## What needs to be done
Restate the last part of the records below word for word, beginning at the line with "this 2397×1540 image." and ending at the final line.

Stored data Start Marker

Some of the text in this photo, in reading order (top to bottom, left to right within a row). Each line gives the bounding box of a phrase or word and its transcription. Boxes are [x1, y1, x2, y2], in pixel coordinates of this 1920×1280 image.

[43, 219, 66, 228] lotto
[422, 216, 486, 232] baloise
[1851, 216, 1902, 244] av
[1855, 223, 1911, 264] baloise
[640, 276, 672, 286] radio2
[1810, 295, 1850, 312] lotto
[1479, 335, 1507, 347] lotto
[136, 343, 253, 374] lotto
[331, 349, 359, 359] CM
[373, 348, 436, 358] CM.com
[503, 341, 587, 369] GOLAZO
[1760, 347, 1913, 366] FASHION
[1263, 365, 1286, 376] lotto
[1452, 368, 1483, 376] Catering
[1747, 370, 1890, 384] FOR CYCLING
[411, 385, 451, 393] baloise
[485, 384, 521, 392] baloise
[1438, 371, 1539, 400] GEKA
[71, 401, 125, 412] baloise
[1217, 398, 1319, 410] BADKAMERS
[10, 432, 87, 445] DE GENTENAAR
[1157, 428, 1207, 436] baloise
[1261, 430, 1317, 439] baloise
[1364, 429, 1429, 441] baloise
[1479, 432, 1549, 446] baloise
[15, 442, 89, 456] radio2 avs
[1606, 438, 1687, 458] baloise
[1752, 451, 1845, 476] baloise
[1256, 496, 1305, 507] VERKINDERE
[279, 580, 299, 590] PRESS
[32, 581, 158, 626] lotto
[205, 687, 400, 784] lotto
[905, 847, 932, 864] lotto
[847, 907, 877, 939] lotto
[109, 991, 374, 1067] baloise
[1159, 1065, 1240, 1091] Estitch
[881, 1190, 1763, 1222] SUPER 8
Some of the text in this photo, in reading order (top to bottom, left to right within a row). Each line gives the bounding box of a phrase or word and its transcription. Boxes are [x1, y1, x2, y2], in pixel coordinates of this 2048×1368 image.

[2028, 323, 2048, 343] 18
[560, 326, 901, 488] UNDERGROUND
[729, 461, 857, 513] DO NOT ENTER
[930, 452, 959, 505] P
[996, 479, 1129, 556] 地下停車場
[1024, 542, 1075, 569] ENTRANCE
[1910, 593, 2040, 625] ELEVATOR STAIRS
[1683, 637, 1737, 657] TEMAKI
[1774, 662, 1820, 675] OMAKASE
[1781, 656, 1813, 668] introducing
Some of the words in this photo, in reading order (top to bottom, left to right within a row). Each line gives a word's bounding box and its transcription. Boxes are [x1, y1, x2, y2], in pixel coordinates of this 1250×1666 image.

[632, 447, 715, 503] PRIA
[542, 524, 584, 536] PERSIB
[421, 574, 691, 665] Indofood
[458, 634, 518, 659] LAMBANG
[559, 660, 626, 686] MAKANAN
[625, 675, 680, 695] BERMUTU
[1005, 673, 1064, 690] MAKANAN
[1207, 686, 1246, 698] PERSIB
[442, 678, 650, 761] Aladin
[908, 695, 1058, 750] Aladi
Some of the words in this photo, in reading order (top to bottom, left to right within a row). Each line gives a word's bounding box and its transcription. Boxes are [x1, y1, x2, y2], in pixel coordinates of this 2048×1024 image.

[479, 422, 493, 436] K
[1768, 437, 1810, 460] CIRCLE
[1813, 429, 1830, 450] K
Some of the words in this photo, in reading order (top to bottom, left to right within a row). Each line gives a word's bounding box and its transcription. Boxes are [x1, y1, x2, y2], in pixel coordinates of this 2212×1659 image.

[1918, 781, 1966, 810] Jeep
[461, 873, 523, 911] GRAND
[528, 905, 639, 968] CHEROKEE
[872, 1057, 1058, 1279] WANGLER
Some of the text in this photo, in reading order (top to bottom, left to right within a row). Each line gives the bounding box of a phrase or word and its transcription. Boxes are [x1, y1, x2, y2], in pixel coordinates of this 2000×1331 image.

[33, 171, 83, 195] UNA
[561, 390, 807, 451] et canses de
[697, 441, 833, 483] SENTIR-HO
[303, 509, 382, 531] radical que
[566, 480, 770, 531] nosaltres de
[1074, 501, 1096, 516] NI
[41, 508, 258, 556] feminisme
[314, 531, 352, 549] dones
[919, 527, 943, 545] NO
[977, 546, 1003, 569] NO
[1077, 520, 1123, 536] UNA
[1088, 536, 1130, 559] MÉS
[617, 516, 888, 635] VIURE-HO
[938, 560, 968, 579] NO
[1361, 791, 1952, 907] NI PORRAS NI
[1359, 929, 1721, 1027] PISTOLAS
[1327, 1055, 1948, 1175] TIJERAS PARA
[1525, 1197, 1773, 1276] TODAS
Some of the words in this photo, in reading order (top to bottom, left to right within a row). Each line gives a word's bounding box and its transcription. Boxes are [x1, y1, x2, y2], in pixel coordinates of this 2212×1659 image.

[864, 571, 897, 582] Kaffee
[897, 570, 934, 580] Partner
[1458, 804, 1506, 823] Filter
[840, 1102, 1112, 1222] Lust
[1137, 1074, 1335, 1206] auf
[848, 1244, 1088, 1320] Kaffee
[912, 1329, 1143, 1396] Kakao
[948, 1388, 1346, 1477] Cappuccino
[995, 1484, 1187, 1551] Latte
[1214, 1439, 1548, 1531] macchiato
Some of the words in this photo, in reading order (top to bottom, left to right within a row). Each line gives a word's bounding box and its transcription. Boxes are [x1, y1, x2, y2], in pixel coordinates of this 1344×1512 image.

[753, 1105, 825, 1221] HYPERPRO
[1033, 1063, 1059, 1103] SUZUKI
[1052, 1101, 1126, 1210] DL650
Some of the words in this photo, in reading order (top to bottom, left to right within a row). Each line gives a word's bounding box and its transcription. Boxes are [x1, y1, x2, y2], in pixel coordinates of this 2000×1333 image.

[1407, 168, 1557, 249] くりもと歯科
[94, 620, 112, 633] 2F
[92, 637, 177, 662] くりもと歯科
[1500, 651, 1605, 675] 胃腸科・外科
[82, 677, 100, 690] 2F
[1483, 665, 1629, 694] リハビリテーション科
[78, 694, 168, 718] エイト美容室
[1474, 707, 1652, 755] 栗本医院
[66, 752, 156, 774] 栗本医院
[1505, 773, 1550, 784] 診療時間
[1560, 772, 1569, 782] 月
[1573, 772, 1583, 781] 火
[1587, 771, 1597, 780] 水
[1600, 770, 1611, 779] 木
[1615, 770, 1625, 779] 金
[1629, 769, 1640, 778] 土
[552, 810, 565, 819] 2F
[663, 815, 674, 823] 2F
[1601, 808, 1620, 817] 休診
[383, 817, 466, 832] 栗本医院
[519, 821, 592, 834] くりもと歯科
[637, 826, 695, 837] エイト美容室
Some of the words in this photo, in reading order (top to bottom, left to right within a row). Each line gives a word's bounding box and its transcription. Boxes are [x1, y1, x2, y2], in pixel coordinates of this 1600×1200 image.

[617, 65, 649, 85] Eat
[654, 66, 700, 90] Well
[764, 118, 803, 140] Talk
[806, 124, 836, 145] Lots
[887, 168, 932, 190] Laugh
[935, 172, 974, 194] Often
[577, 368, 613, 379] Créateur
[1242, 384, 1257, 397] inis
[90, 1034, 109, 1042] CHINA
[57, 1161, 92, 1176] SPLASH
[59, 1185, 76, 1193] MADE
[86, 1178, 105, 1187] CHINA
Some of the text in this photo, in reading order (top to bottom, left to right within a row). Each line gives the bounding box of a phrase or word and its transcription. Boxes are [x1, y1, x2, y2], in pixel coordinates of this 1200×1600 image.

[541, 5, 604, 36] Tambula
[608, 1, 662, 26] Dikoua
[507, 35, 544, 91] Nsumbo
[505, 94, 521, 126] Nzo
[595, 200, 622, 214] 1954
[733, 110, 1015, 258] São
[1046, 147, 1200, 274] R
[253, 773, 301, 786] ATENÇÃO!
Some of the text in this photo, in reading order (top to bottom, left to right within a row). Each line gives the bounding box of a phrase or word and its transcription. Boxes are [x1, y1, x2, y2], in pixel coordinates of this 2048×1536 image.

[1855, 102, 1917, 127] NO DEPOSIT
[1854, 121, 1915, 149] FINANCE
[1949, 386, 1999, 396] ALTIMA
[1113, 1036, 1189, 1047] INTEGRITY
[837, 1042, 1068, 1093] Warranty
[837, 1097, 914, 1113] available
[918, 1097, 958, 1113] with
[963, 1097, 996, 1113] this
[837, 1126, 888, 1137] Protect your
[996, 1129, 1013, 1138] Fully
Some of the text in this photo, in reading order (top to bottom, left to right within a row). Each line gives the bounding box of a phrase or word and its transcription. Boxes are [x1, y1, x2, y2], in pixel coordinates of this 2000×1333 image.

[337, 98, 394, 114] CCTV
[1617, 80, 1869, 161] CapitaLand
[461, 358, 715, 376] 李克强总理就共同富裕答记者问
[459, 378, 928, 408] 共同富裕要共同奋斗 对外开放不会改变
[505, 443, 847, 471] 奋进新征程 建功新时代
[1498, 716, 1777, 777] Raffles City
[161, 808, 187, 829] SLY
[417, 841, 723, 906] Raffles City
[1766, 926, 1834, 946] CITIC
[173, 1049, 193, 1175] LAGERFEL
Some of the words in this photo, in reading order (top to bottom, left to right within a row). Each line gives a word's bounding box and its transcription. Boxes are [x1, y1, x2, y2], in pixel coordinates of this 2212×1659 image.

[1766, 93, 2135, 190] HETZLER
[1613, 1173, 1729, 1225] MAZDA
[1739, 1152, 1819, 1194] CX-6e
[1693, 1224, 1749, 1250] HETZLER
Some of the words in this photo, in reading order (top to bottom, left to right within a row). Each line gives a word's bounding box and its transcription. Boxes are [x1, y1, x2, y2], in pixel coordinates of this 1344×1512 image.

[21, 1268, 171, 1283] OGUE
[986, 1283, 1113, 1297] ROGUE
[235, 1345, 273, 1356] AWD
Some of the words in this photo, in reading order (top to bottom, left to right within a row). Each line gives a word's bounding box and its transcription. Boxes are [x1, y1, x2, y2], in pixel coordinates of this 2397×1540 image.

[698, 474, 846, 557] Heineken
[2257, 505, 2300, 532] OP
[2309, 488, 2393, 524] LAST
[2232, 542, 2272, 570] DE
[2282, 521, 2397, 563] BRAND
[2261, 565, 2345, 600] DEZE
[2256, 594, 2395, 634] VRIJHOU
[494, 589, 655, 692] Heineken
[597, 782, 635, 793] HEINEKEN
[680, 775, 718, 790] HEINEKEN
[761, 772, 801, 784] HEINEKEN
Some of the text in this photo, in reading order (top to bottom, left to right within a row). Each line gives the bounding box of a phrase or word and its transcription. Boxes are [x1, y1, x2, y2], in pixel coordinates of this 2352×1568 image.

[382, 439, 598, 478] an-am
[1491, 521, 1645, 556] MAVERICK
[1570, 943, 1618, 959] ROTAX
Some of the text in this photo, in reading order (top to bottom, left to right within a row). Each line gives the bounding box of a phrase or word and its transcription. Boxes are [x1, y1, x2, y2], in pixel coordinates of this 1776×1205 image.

Stored data End Marker

## Solved problem
Some of the words in this photo, in reading order (top to bottom, left to right within a row). Each line gives a word's bounding box and its transcription. Boxes are [x1, y1, x2, y2], in pixel coordinates of this 2397×1540 image.

[698, 474, 846, 557] Heineken
[2257, 505, 2300, 532] OP
[2309, 488, 2393, 524] LAST
[2232, 542, 2272, 570] DE
[2282, 521, 2397, 563] BRAND
[2261, 565, 2345, 600] DEZE
[2256, 594, 2395, 634] VRIJHOU
[494, 589, 655, 692] Heineken
[597, 782, 635, 793] HEINEKEN
[680, 775, 718, 790] HEINEKEN
[761, 772, 801, 784] HEINEKEN
Some of the text in this photo, in reading order (top to bottom, left to right within a row). Each line gives the bounding box of a phrase or word and its transcription. Boxes are [x1, y1, x2, y2], in pixel coordinates of this 2352×1568 image.

[382, 439, 598, 478] an-am
[1491, 521, 1645, 556] MAVERICK
[1570, 943, 1618, 959] ROTAX
Some of the text in this photo, in reading order (top to bottom, left to right within a row). Each line gives the bounding box of a phrase or word and its transcription. Boxes are [x1, y1, x2, y2], in pixel coordinates of this 1776×1205 image.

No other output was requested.